0

This question regards XPath expressions.

I want to find the average of the length of all URLs in a Web page, that point to a .pdf file.

So far I have constructed the following expression, but it does not work:

sum(string-length(string(//a/@href[contains(., ".pdf")]))) div count(//a/@href[contains(., ".pdf")])

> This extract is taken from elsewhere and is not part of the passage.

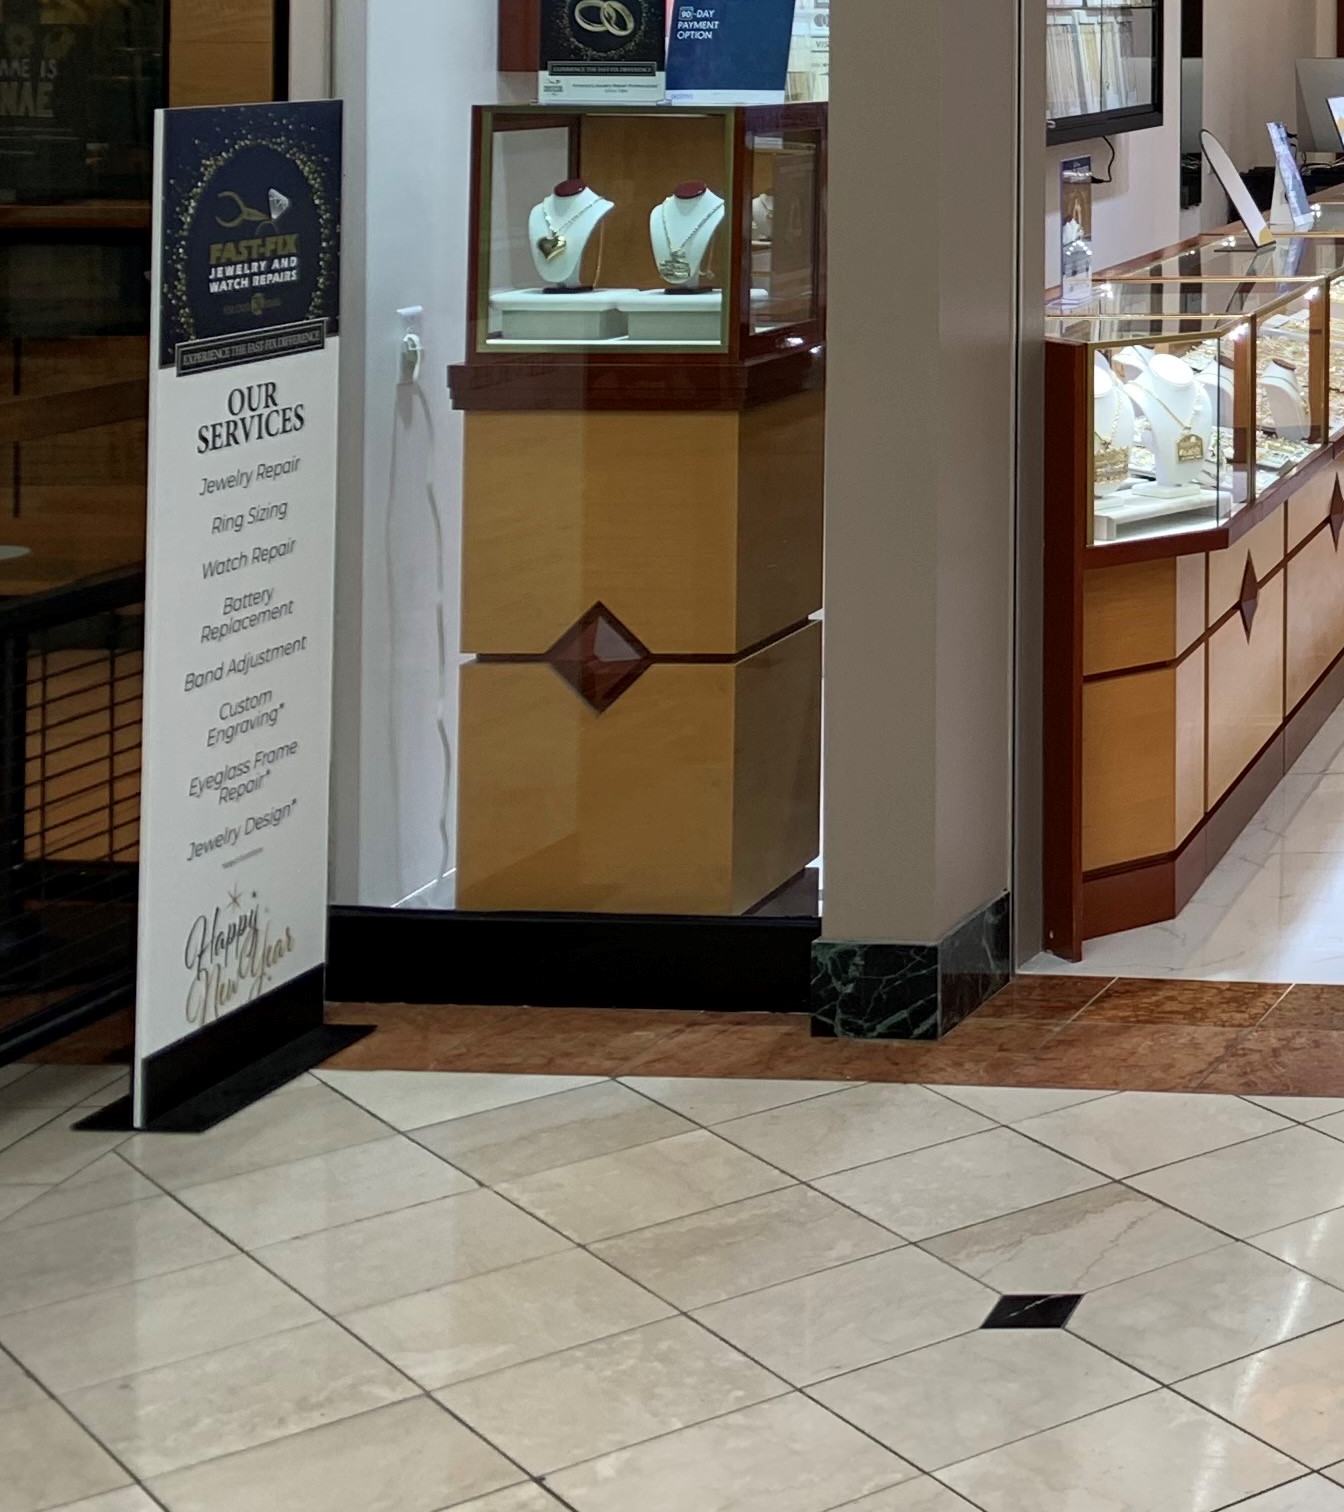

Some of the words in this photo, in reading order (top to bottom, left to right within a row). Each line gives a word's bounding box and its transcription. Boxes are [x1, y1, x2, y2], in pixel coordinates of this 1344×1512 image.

Any help will be appreciated!

  • Which XPATH version you are looking for 1.0 or 2.0 – Navin Rawat May 17 '13 at 07:22
  • The XPath version is not an issue: if someone can, he can solve the problem in both versions. Momentarily I am testing the expression using FirePath (in Firefox). – Daniel Amariei May 17 '13 at 07:29
  • 1
    What should mean _XPath version is not an issue_. I do not think there is an solution for this with version 1.0. Also keep in mind that FirePath does not even support complete version 1.0 (or at least has sum issues) if I remember correctly. – hr_117 May 17 '13 at 08:06
  • Post some input. Does your document include namespaces? – Jens Erat May 17 '13 at 08:31
  • @JensErat You can assume that the document does not contain any namespaces. It should work on any valid HTML document (the structure is known in HTML -- **a** tags contains **href** attributes). I do not think the rest matters since the traversal can be made recursive. – Daniel Amariei May 17 '13 at 09:21
  • Then you should be totally fine with the XPath 2.0 expression given in my answer. And "I've got some XML document" does not imply not having namespaces (XHTML), so this is an important question. – Jens Erat May 17 '13 at 09:24
  • @hr_117 I mean that I am not constrained to produce the expression in one specific version. I just need it to work – Daniel Amariei May 18 '13 at 16:36
  • I did not think it mattered so much -- my bad. Thank you for your help! – Daniel Amariei May 18 '13 at 16:37

2 Answers2

0

You will need XPath 2.0.

For calculating the sum of the string lengths, you will need either

  • need a concatenated string of all @hrefs to apply to string-lenght($string as xs:string) (which only allows a single string as parameter), but concat(...) only takes an arbitrary number of atomar strings, not a sequence of those; or
  • apply string-length(...) on every @href as @Navin Rawat proposed - but using arbitrary functions in axis steps is a new feature of XPath 2.0.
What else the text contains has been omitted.